(Data excerpts)
----
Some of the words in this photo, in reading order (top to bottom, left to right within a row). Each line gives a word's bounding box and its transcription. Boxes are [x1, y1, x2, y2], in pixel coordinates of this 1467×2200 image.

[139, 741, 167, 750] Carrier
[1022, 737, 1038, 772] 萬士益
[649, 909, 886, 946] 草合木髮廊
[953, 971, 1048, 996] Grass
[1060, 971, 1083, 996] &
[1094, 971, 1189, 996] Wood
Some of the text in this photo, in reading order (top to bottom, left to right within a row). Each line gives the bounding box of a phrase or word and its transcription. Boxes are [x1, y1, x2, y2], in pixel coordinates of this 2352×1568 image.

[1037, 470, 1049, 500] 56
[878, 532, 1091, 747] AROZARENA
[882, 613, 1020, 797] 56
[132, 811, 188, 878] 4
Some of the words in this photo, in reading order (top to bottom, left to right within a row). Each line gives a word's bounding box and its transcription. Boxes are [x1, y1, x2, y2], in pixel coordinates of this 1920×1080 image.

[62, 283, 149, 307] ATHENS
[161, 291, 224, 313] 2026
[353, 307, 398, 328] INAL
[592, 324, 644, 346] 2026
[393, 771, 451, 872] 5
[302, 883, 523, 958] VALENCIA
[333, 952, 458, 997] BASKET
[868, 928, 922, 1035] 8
----
_Task brief_: Every line from the one with "this 1920×1080 image." to the end of the records above should be returned exactly, and no other lines.

_Solution_:
Some of the words in this photo, in reading order (top to bottom, left to right within a row). Each line gives a word's bounding box and its transcription. Boxes are [x1, y1, x2, y2], in pixel coordinates of this 1920×1080 image.

[62, 283, 149, 307] ATHENS
[161, 291, 224, 313] 2026
[353, 307, 398, 328] INAL
[592, 324, 644, 346] 2026
[393, 771, 451, 872] 5
[302, 883, 523, 958] VALENCIA
[333, 952, 458, 997] BASKET
[868, 928, 922, 1035] 8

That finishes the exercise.